[Dataset entries — start]

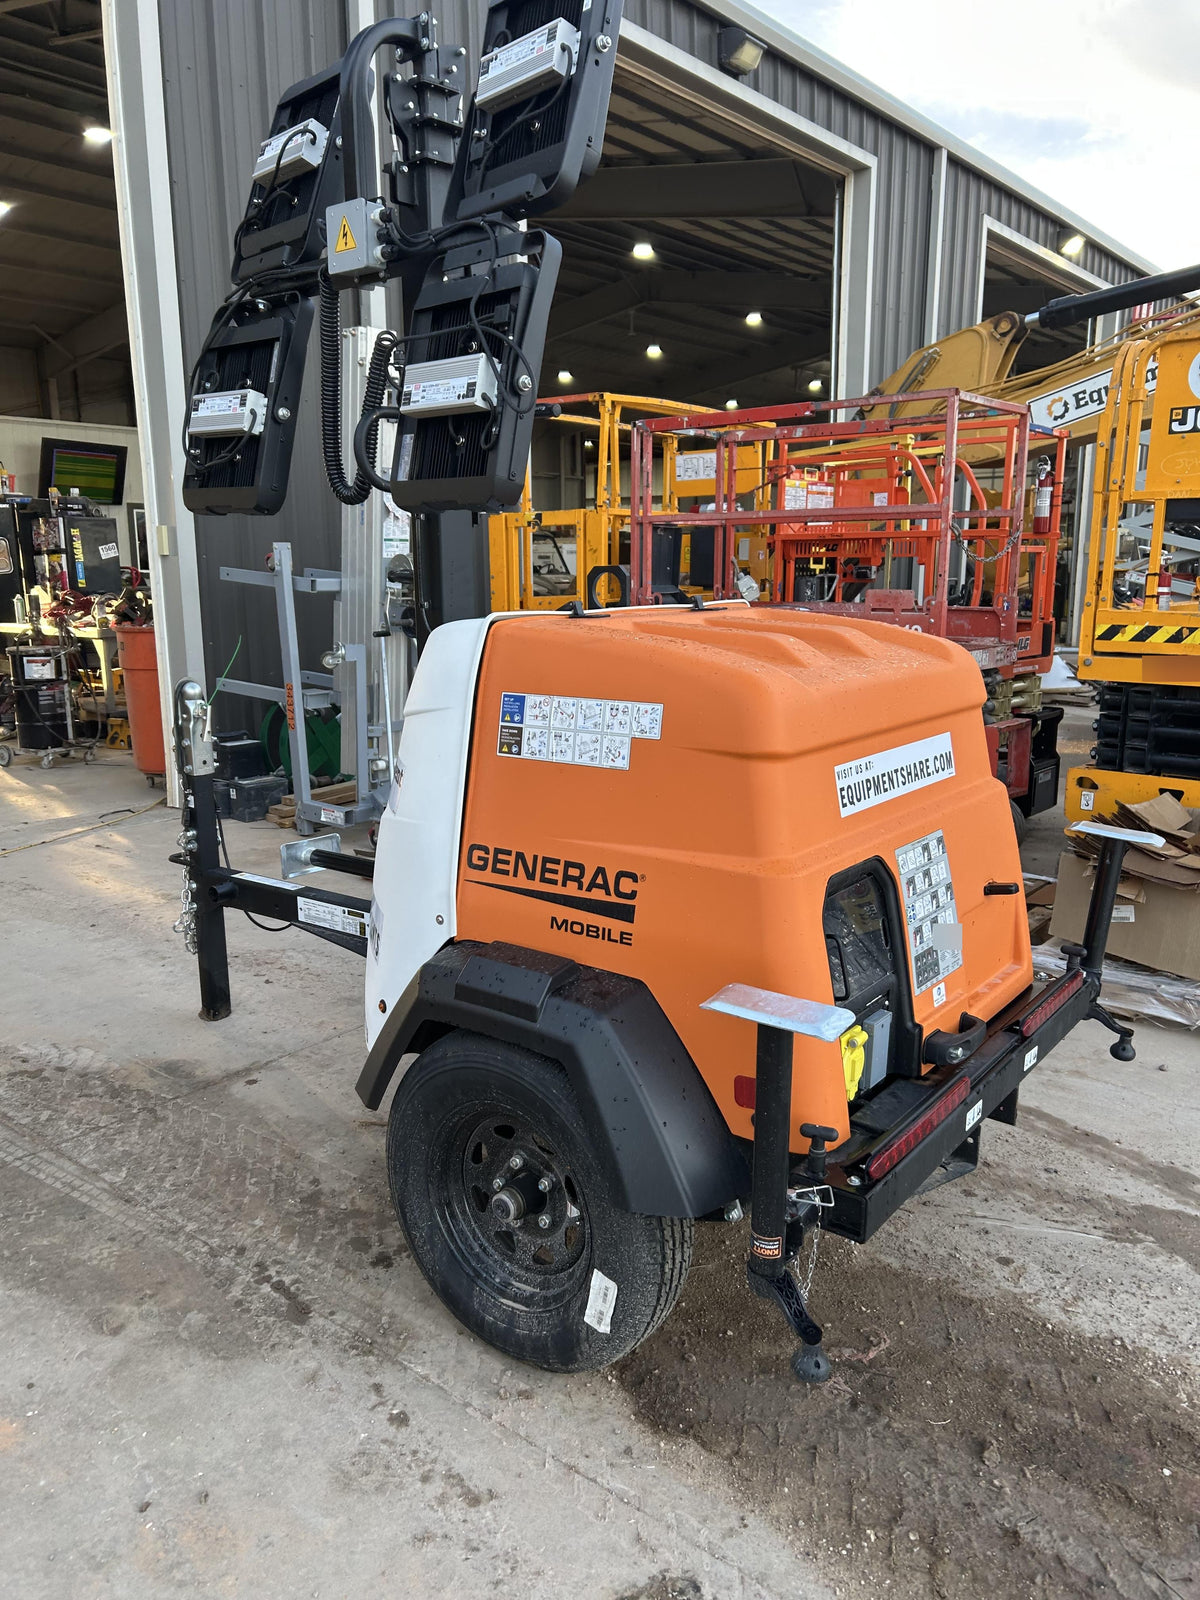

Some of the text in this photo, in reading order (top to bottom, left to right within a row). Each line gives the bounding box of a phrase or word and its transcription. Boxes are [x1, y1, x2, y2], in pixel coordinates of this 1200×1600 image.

[836, 761, 874, 781] VISIT US AT:
[839, 751, 953, 808] EQUIPMENTSHARE.COM
[466, 843, 638, 900] GENERAC
[550, 916, 633, 946] MOBILE
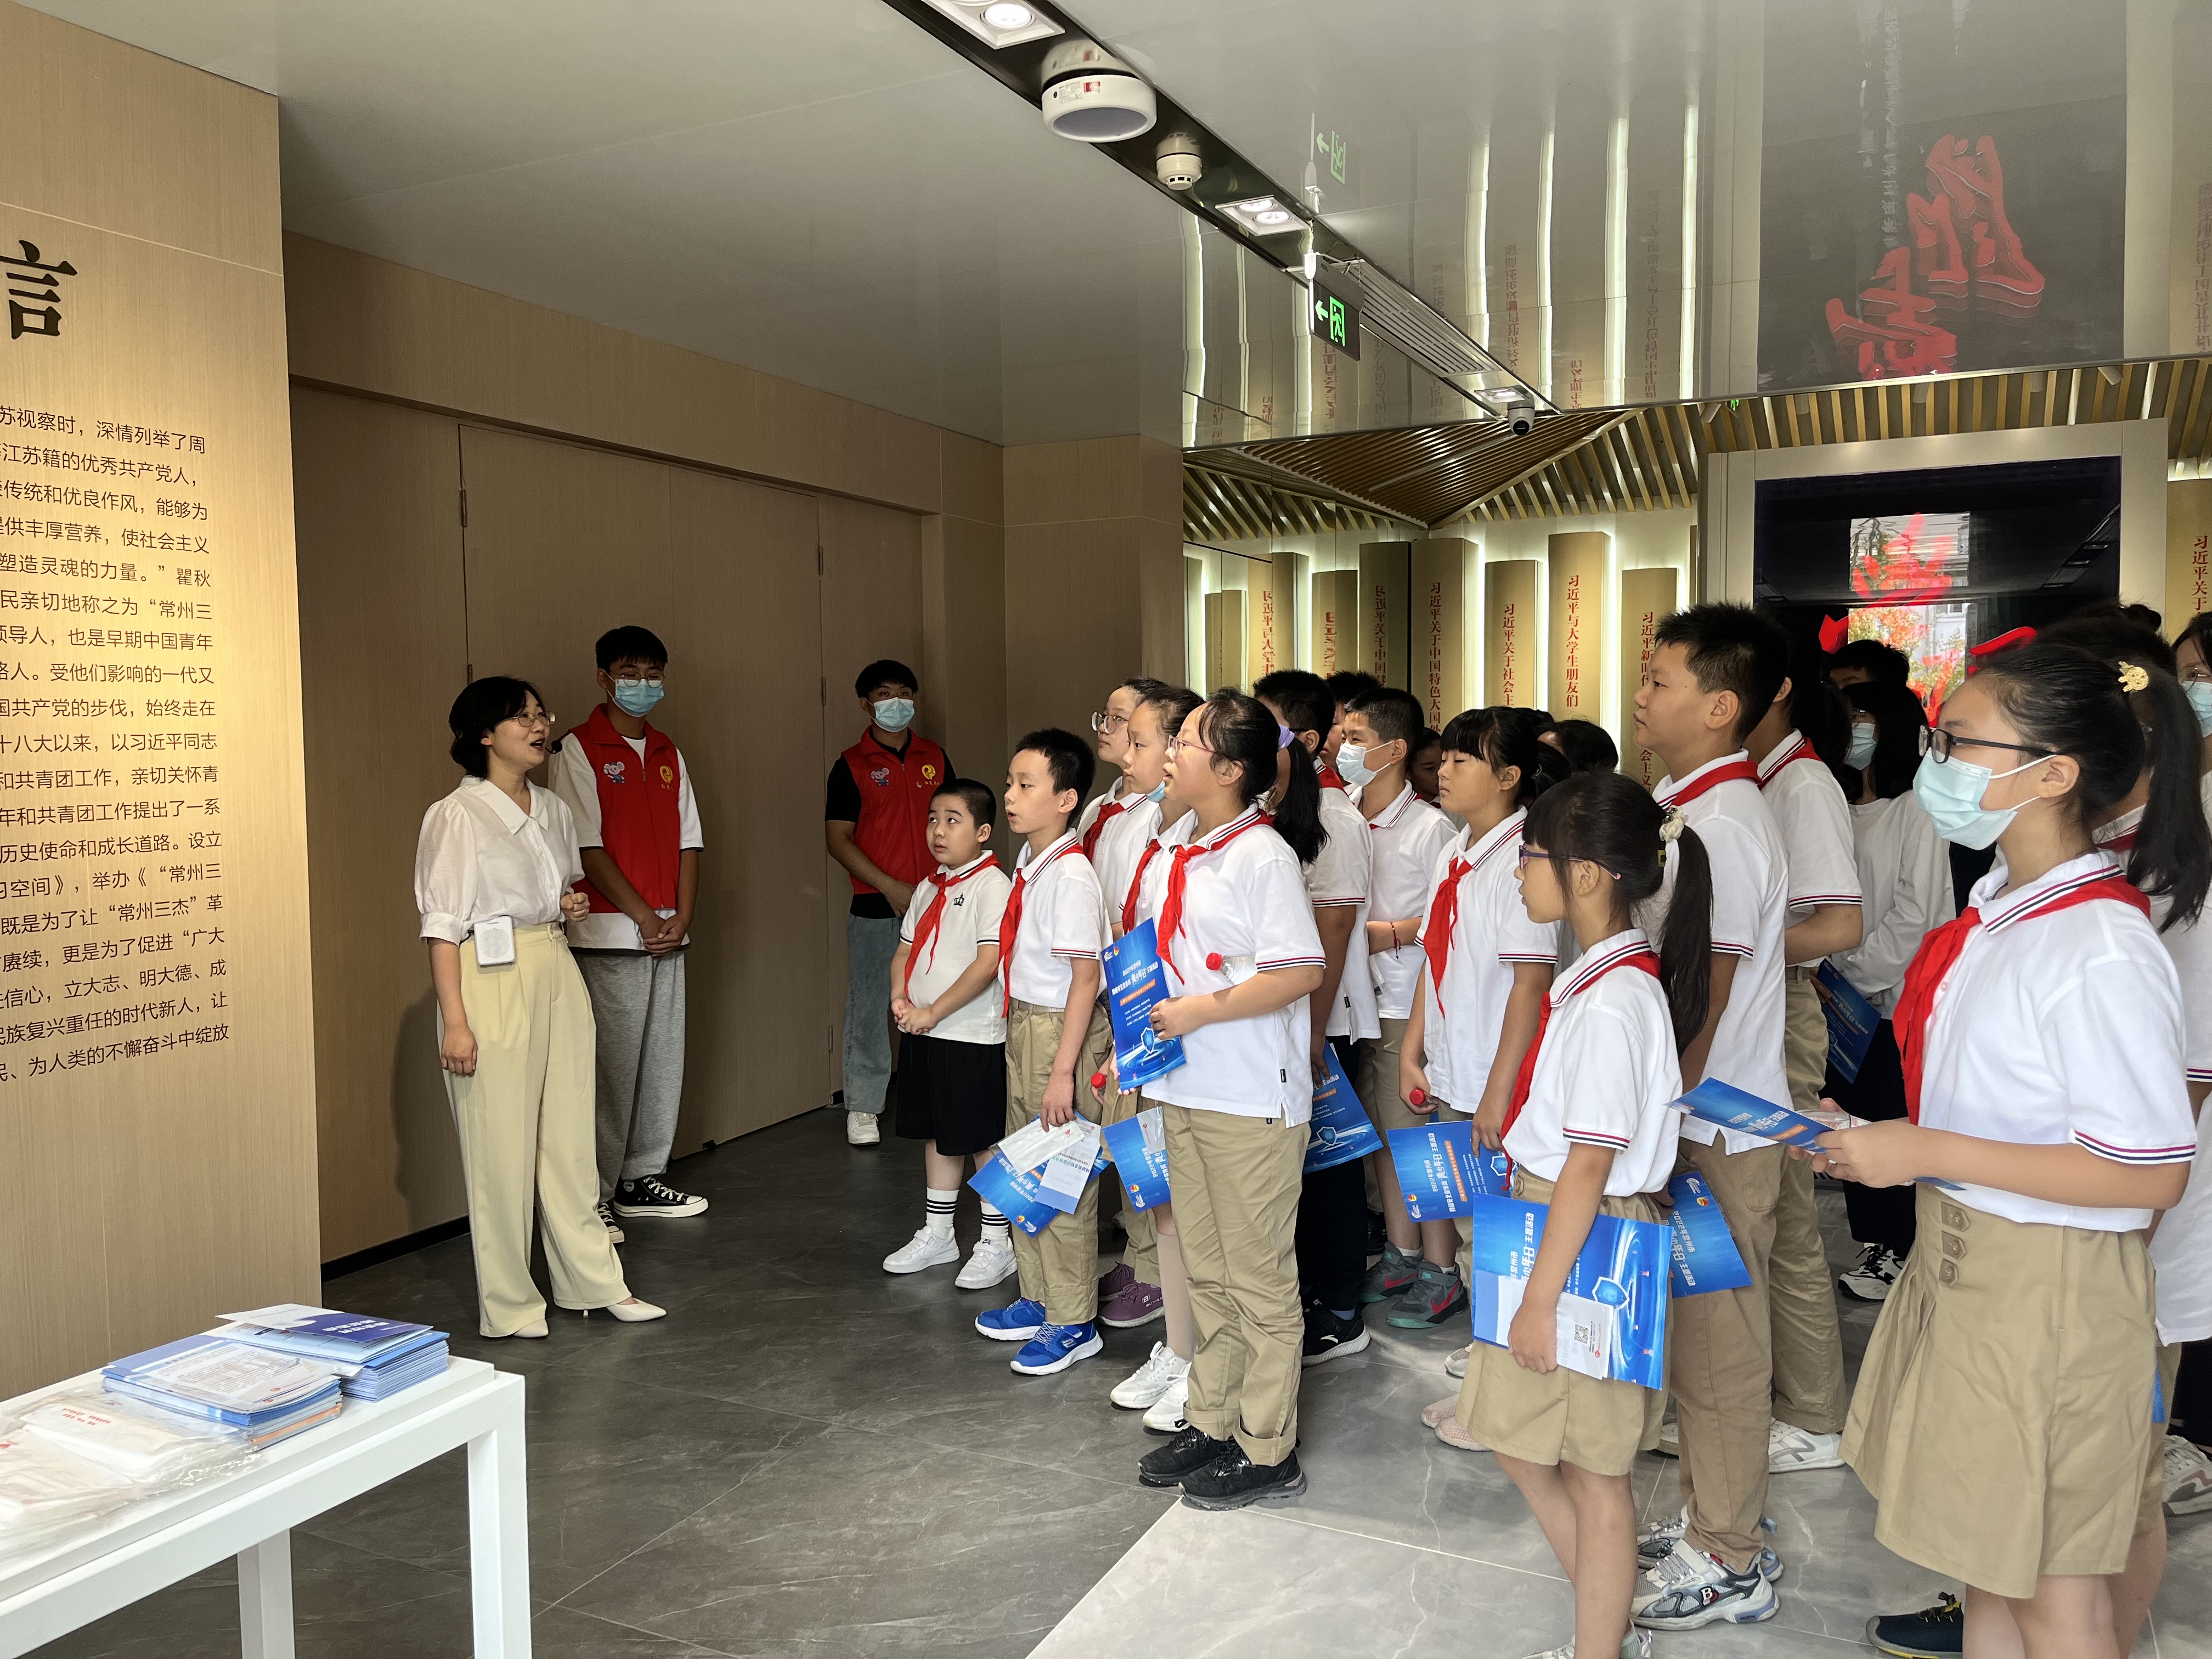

[Dataset entries — finish]

The entries are to be written out again exactly, though without any images.

» **Solution for this task**:
Some of the text in this photo, in reading order (top to bottom, left to right within a row). Each line gives the bounding box of a phrase or word and its transcription. Boxes are [x1, y1, x2, y2], in pixel coordinates of this 1200×1600 image.

[836, 761, 874, 781] VISIT US AT:
[839, 751, 953, 808] EQUIPMENTSHARE.COM
[466, 843, 638, 900] GENERAC
[550, 916, 633, 946] MOBILE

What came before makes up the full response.